■ EXERCISE INSTRUCTIONS
Nothing but the lines from the one containing "this 2042×1233 image." through the final line of the listing should appear in the answer, each exactly as written.

■ DATA FOR REVIEW
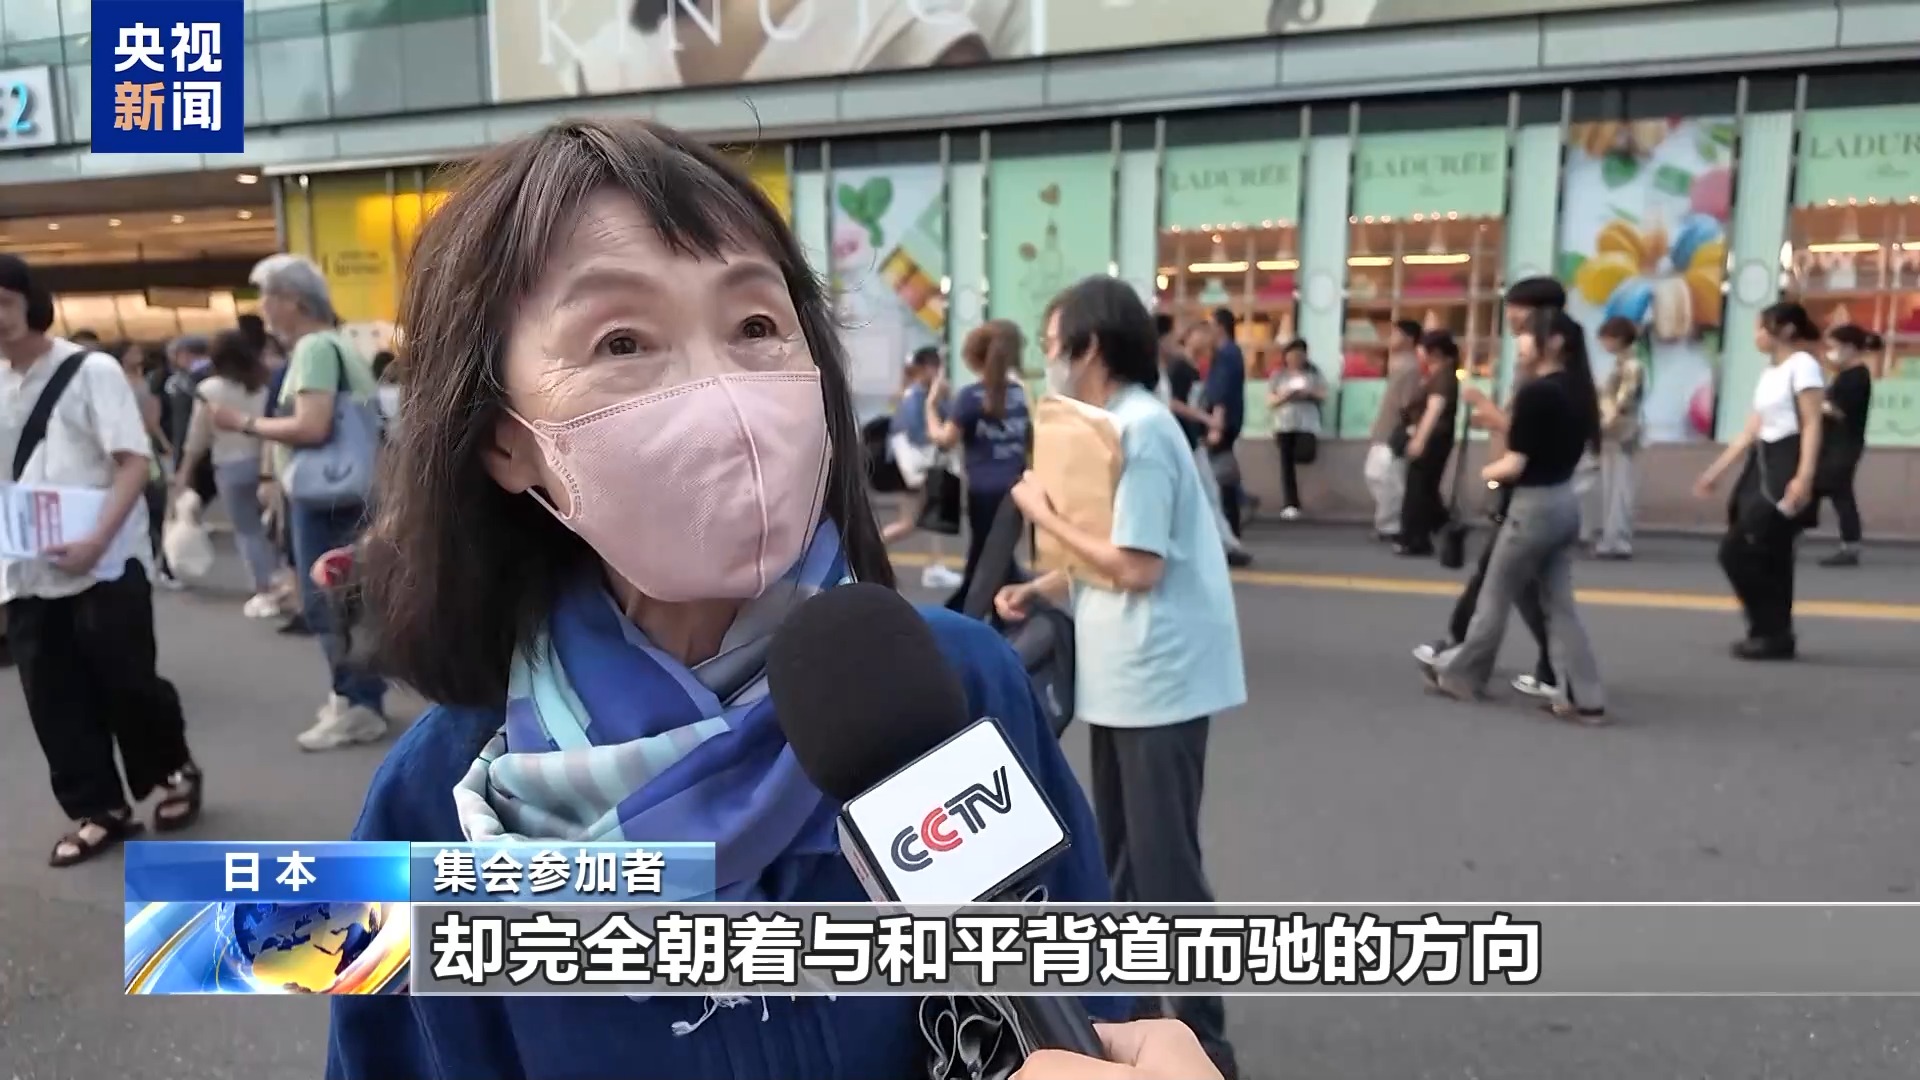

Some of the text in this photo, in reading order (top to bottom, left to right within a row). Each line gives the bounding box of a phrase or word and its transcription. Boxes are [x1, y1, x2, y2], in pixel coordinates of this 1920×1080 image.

[538, 0, 980, 66] KINU
[8, 80, 34, 135] 2
[891, 765, 1011, 872] CCTV
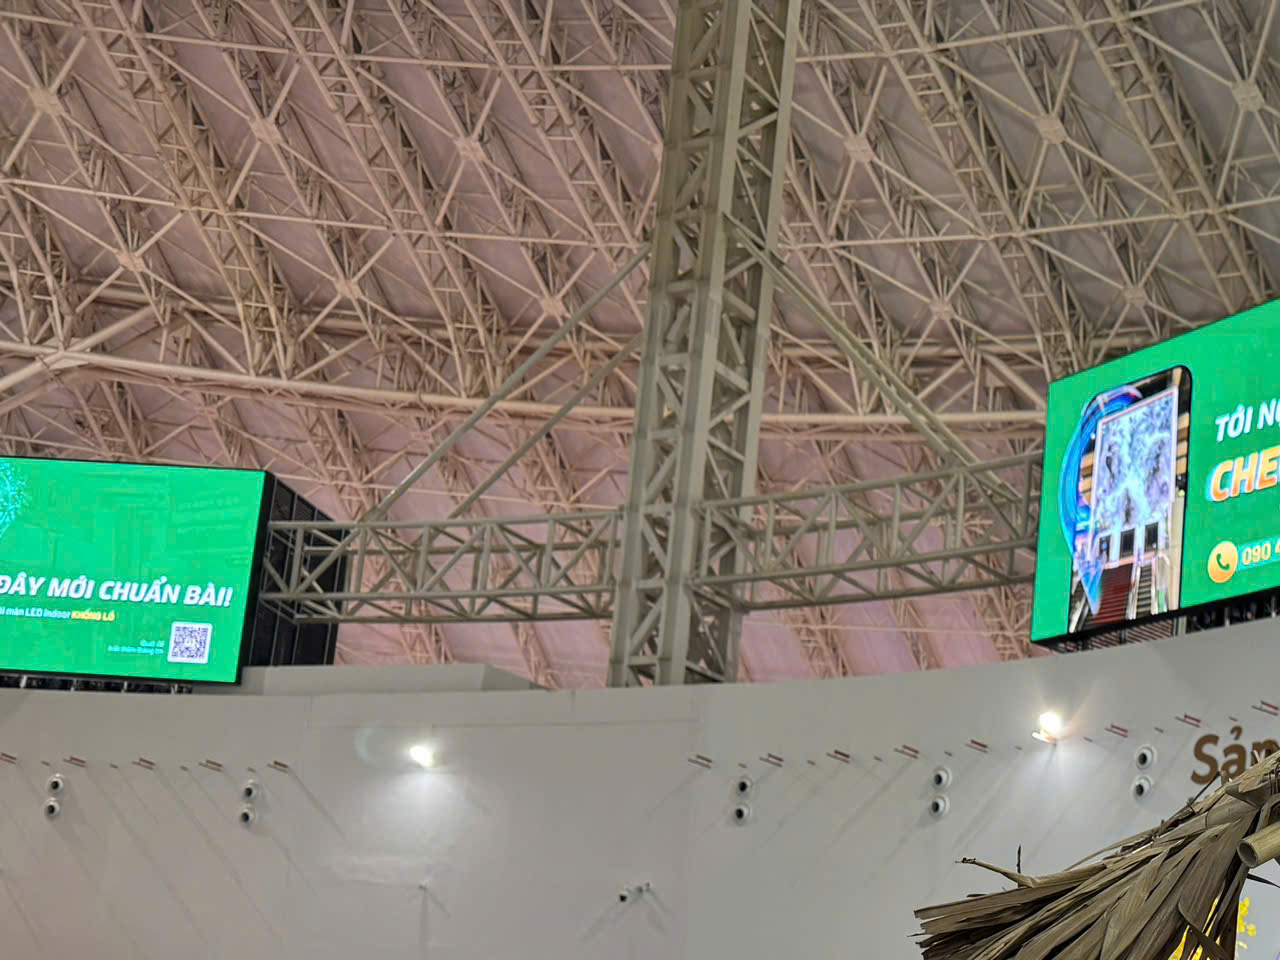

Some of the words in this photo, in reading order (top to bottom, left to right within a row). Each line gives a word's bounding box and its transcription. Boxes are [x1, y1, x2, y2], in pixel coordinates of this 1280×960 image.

[1215, 403, 1253, 442] TỚI
[1242, 541, 1271, 566] 090
[47, 575, 95, 599] MỚI
[99, 575, 181, 604] CHUẨN
[184, 582, 233, 608] BÀI!
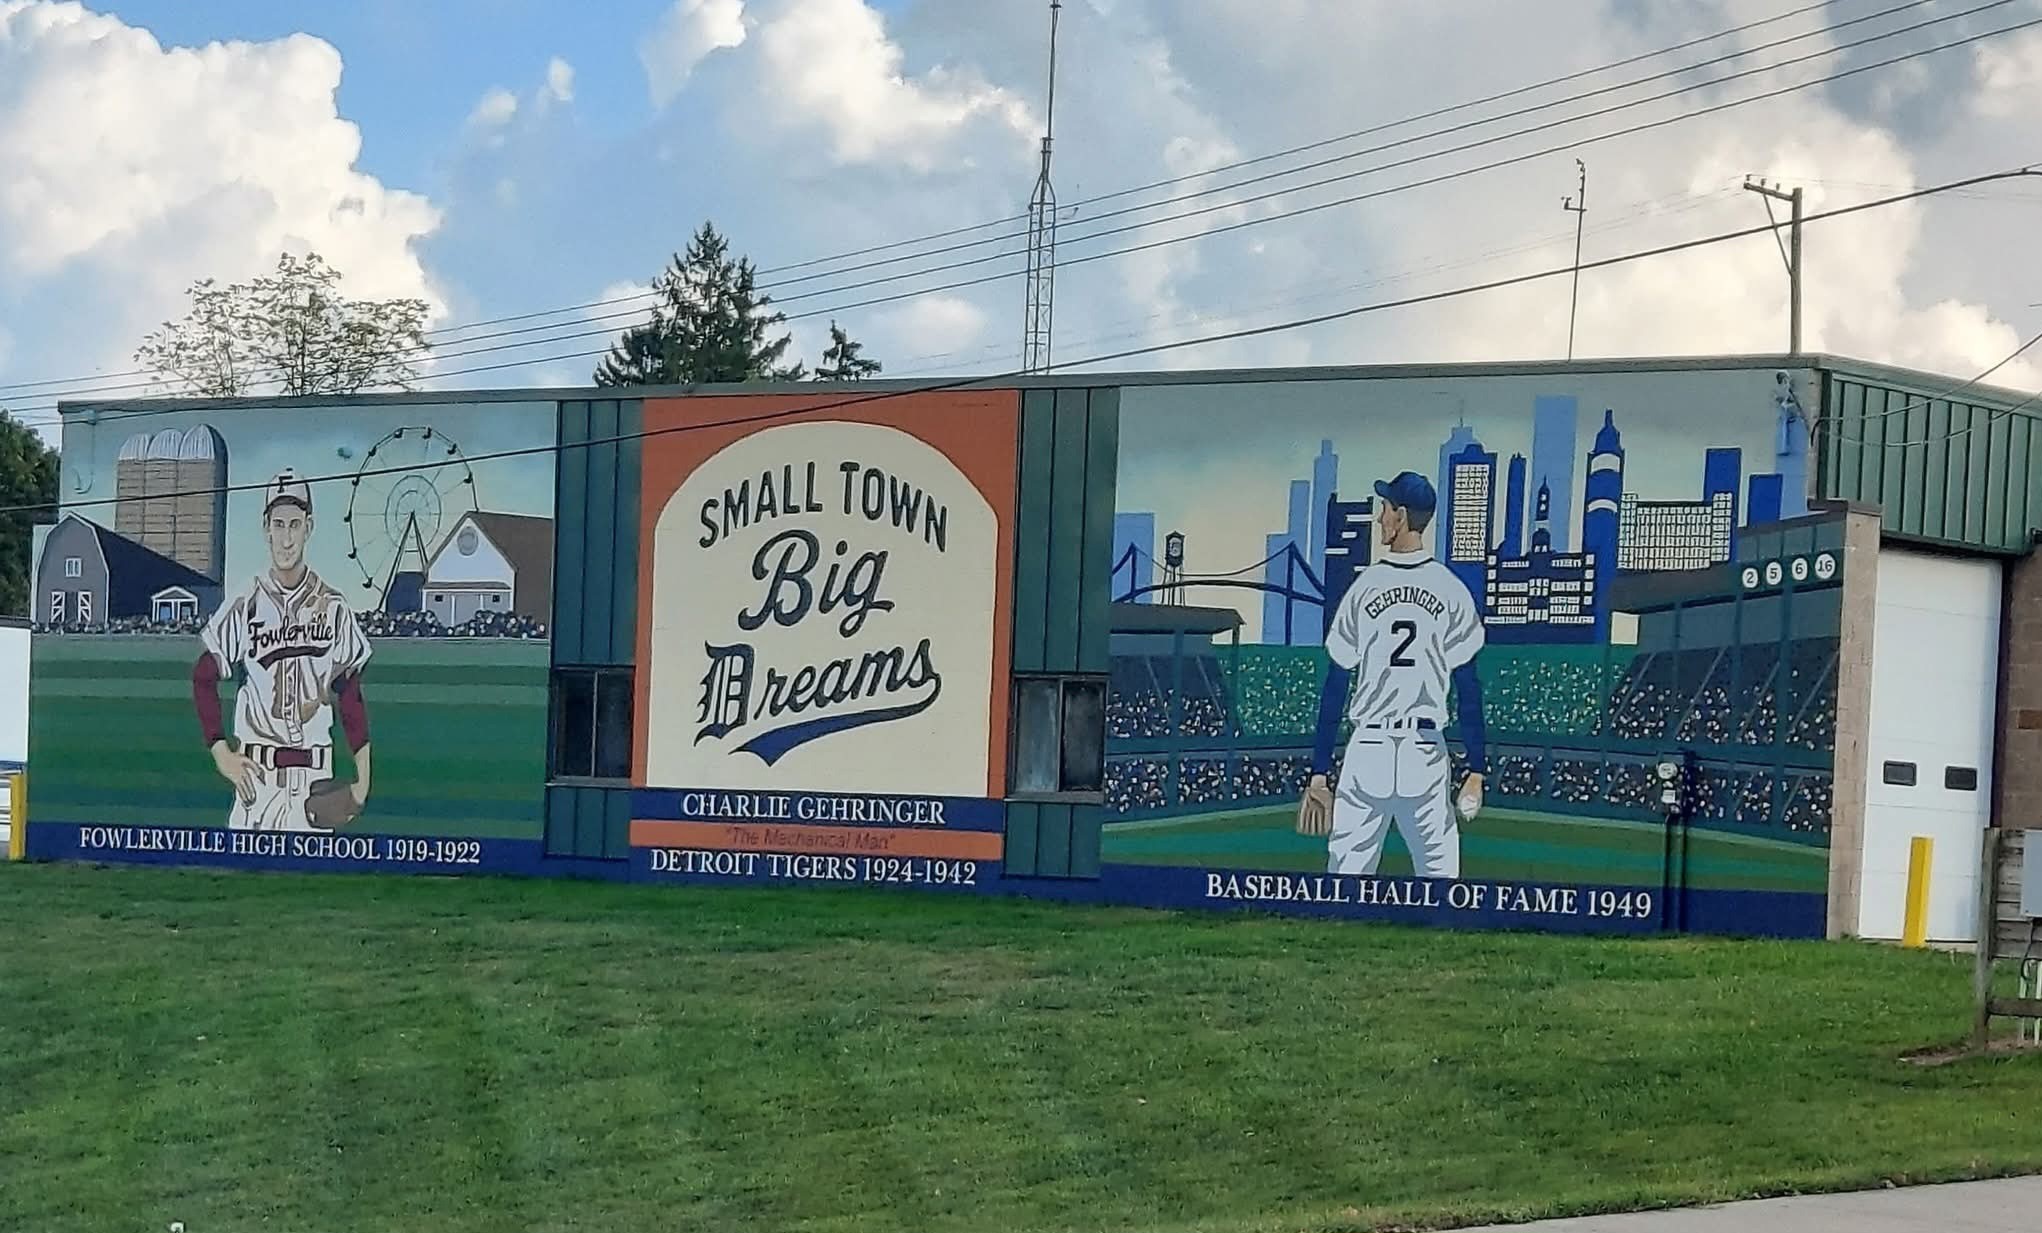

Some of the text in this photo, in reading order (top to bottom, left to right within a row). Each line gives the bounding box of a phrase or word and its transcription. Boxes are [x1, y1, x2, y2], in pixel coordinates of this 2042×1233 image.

[277, 475, 293, 494] F
[699, 461, 948, 553] SMALL TOWN
[738, 529, 895, 638] Big
[1746, 571, 1754, 584] 2
[1770, 568, 1778, 579] 5
[1795, 563, 1803, 575] 6
[1818, 560, 1833, 573] 16
[1365, 586, 1445, 621] GEHRINGER
[248, 614, 334, 658] Fowlerville
[1390, 620, 1417, 667] 2
[694, 638, 941, 747] Dreams
[683, 793, 946, 824] CHARLIE GEHRINGER
[80, 827, 481, 864] FOWLERVILLE HIGH SCHOOL 1919-1922
[651, 849, 976, 885] DETROIT TIGERS 1924-1942
[1205, 873, 1651, 918] BASEBALL HALL OF FAME 1949

■ TASK RESPONSE
Some of the text in this photo, in reading order (top to bottom, left to right within a row). Each line gives the bounding box of a phrase or word and its transcription. Boxes are [x1, y1, x2, y2], in pixel coordinates of this 2042×1233 image.

[277, 475, 293, 494] F
[699, 461, 948, 553] SMALL TOWN
[738, 529, 895, 638] Big
[1746, 571, 1754, 584] 2
[1770, 568, 1778, 579] 5
[1795, 563, 1803, 575] 6
[1818, 560, 1833, 573] 16
[1365, 586, 1445, 621] GEHRINGER
[248, 614, 334, 658] Fowlerville
[1390, 620, 1417, 667] 2
[694, 638, 941, 747] Dreams
[683, 793, 946, 824] CHARLIE GEHRINGER
[80, 827, 481, 864] FOWLERVILLE HIGH SCHOOL 1919-1922
[651, 849, 976, 885] DETROIT TIGERS 1924-1942
[1205, 873, 1651, 918] BASEBALL HALL OF FAME 1949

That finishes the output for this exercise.